Here comes the sun: Harvard and the World Community Grid light the way to affordable solar cells


Aspuru-Guzik said he needed to think big when he started the Clean Energy Project’s collaboration with WCG. “Our biggest challenge was the change of mindset. Usually, computational chemists who try to do this type of thing are studying 10 or 20 molecules at a time. We had to start thinking in terms of millions of molecules and formulate new ideas based on this new scale. The World Community Grid allows us to screen about 25,000 molecules every day. That gives us the opportunity to explore the molecular space, and learn about some crazy molecules that could be good organic materials.”

This is music to Viktors Berstis’ ears. As lead scientist for World Community Grid and IBM Master Inventor, Berstis makes sure that researchers get the most out of WCG. “Scientists instinctively try to reduce the size of their projects,” he explains. “They have limited budgets and limited computing time. At the World Community Grid, we help them imagine what they could do with a ridiculous amount of computer time. Partnering with us gives the researchers the equivalent of one supercomputer all to themselves, 24/7, year after year – helping them make much better progress on their science.”

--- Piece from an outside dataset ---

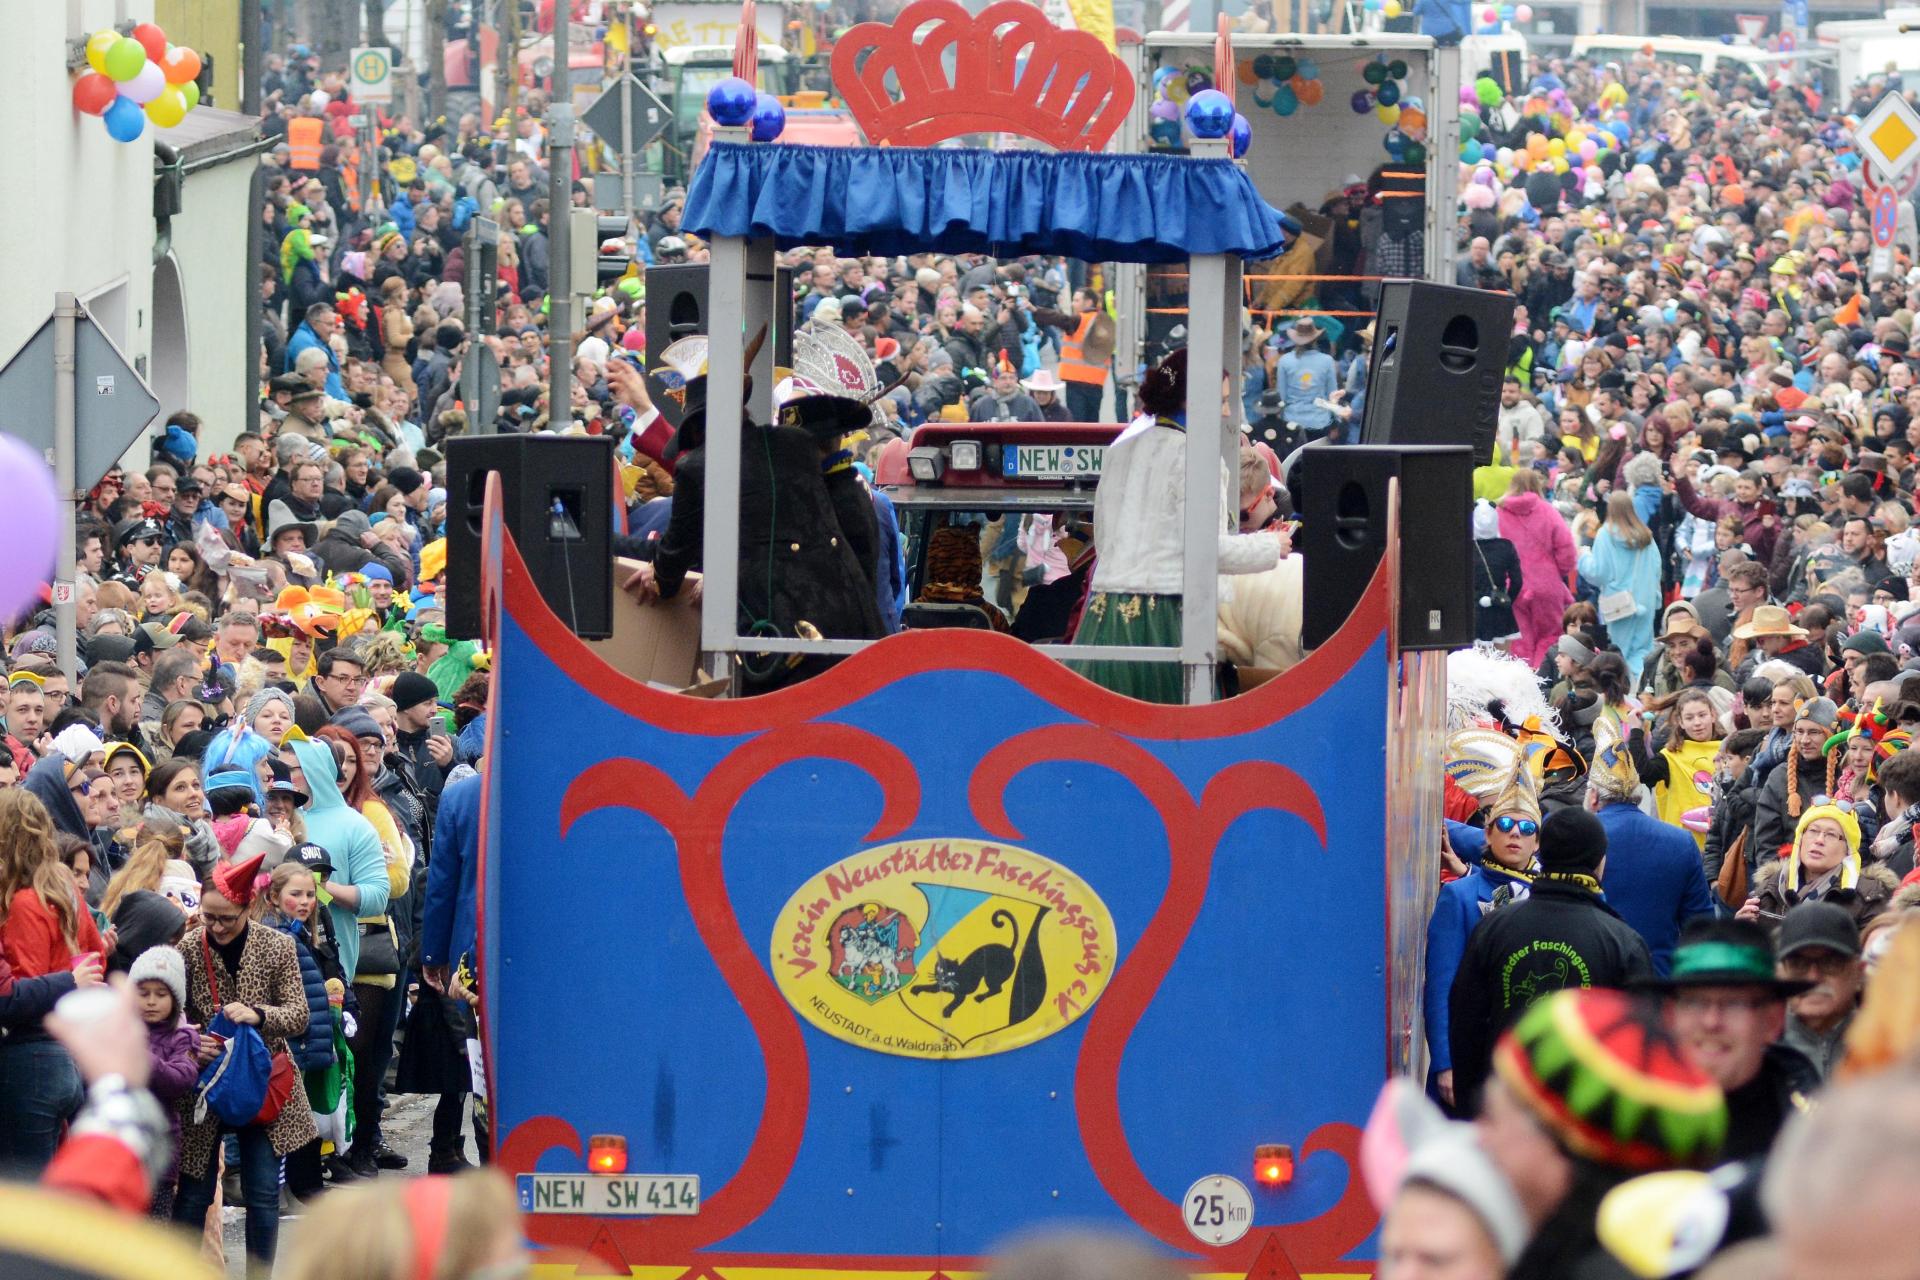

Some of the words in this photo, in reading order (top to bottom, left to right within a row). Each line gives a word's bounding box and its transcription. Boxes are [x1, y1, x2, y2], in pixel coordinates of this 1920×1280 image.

To date, more than 600,000 people around the world have joined the World Community Grid, donating their idle computing time to help researchers like Aspuru-Guzik find solutions to some of the world’s toughest challenges. The Clean Energy Project alone just passed 17,000 cumulative CPU years of computing time. As a result, plastic solar cells may be one step closer to becoming a reality.

“The potential benefit of finding just the right chemical compound for cheap and efficient PVCs could save the world,” says Berstis. “We’ll likely run out of fossil fuels in about 100 years, putting us on a slope to catastrophe – the way to solve this problem is to make use of renewable energy.”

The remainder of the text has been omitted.